Elevage : Tchin de la Tour, fierté d’Alain Calais
vendredi 24 février 2017

Tchin de la Tour avec Guillaume Foutrier et Alain Calais
Tchin de la Tour avec Guillaume Foutrier et Alain Calais © Sylvia Flahaut

Victorieuse du Grand Prix du CSI3* du Touquet, de ceux des 2* d’Opglabbeek (Bel) en 2016 et d’Oliva (Esp) début février, Tchin de la Tour, sous la selle de Guillaume Foutrier, laisse envisager de belles performances encore à venir à son éleveur, Alain Calais.

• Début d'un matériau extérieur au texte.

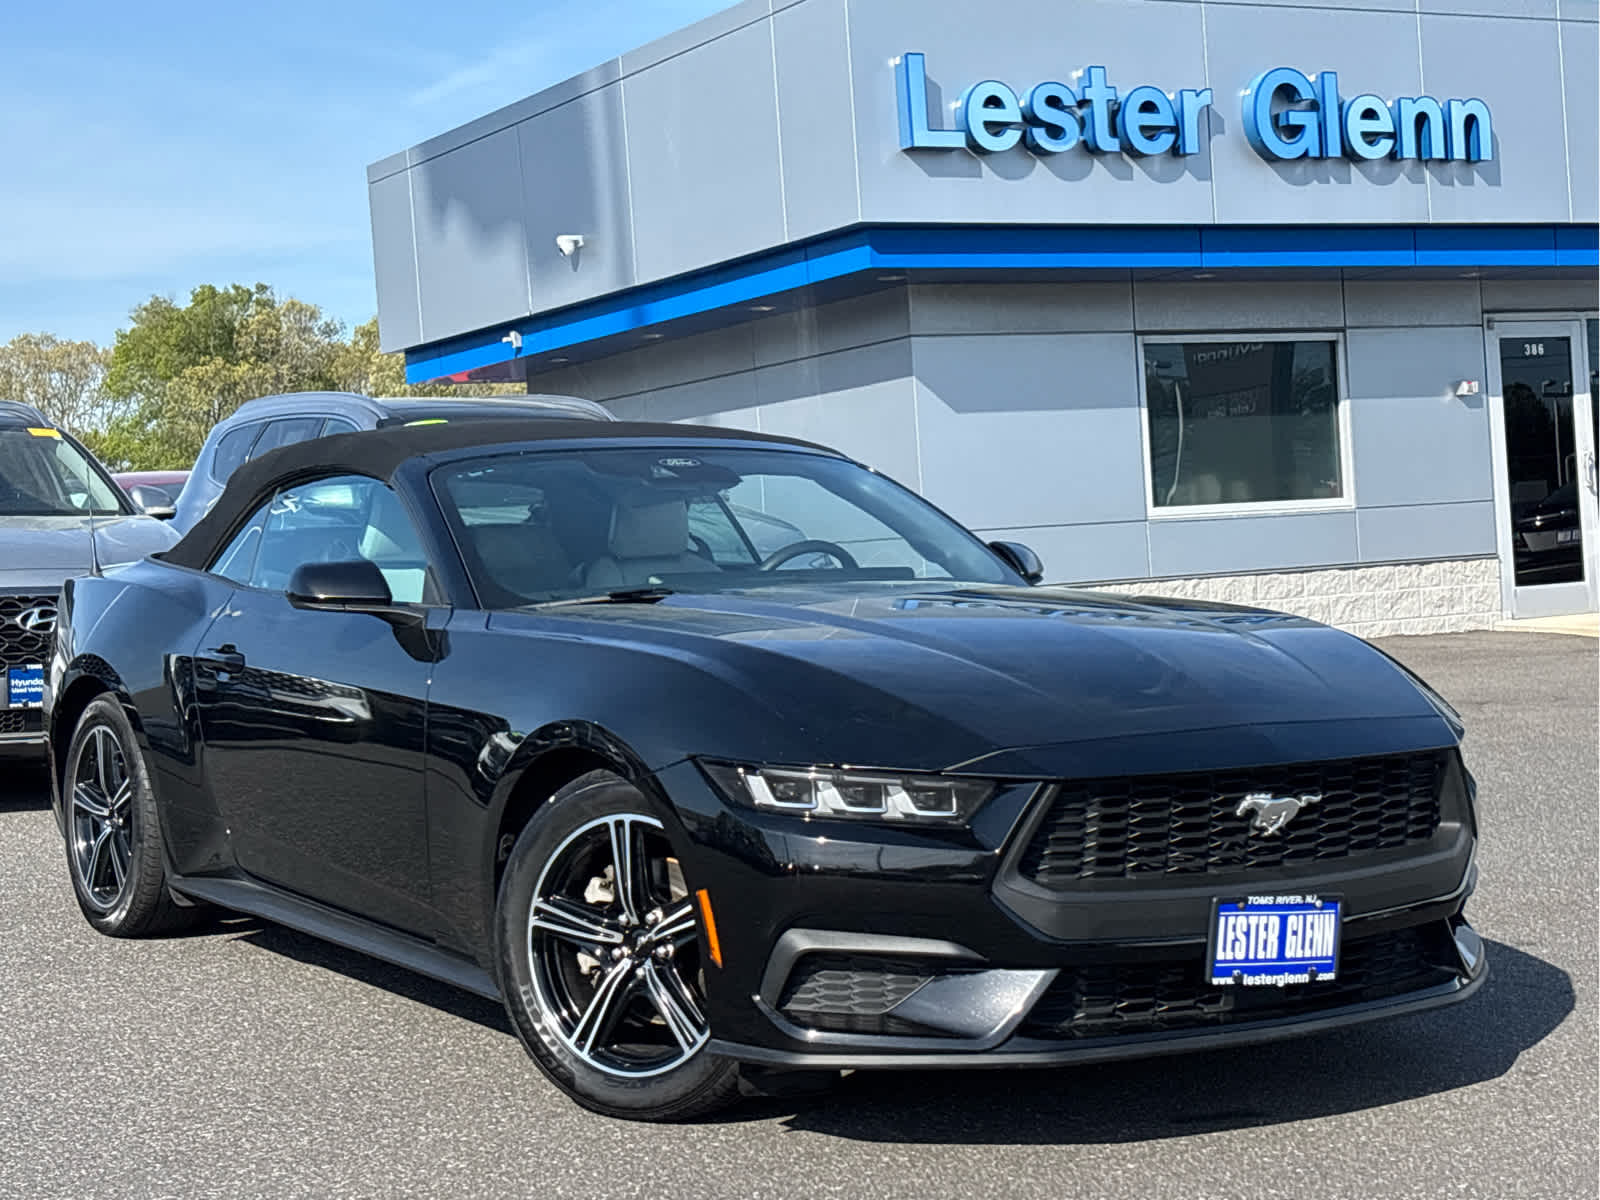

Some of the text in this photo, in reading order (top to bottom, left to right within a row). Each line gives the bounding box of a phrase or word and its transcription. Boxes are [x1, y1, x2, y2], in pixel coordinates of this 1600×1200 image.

Ce dernier, installé à Nielles-les-Calais sur la Côte d’Opale, suit avec attention l’évolution de cette fille de Chin Chin, qu’il a choisi de confier au cavalier après lui avoir laissé le temps de grandir “Avec Tchin, notre élevage a atteint un niveau technique intéressant, pointe le Nordiste. C’est une jument avec un mental exceptionnel et une excellente locomotion”. Dans la famille Calais, on élève des chevaux depuis pas moins de cinq générations : c’est l’arrière arrière grand-père du Nordiste, Louis Calais, qui avait démarré l’activité dans les années 1860. “L’élevage de chevaux de trait Boulonnais a prospéré pendant plusieurs années, explique Alain Calais. Mon grand-père Jules et son frère Fernand, qui avaient repris le flambeau de mon arrière grand père Auguste, ont fait prospérer l’élevage de chevaux de trait, exportant parfois nos produits à l’international. Ils ont gagné 1730 prix aux différents concours de race chevaline”. Et puis, c’est Gérard, le père d’Alain, qui prend les rênes de l’élevage en 1963. Et commence à se heurter à certains difficultés. “Jusque dans les années 1970, l’activité se portait bien et il y avait un marché pour le cheval de trait, notamment celui du travail, relate l’éleveur, maire de sa commune. Et puis, dans les années 1970, avec la motorisation, nous avons commencé à rencontrer de sérieuses difficultés”.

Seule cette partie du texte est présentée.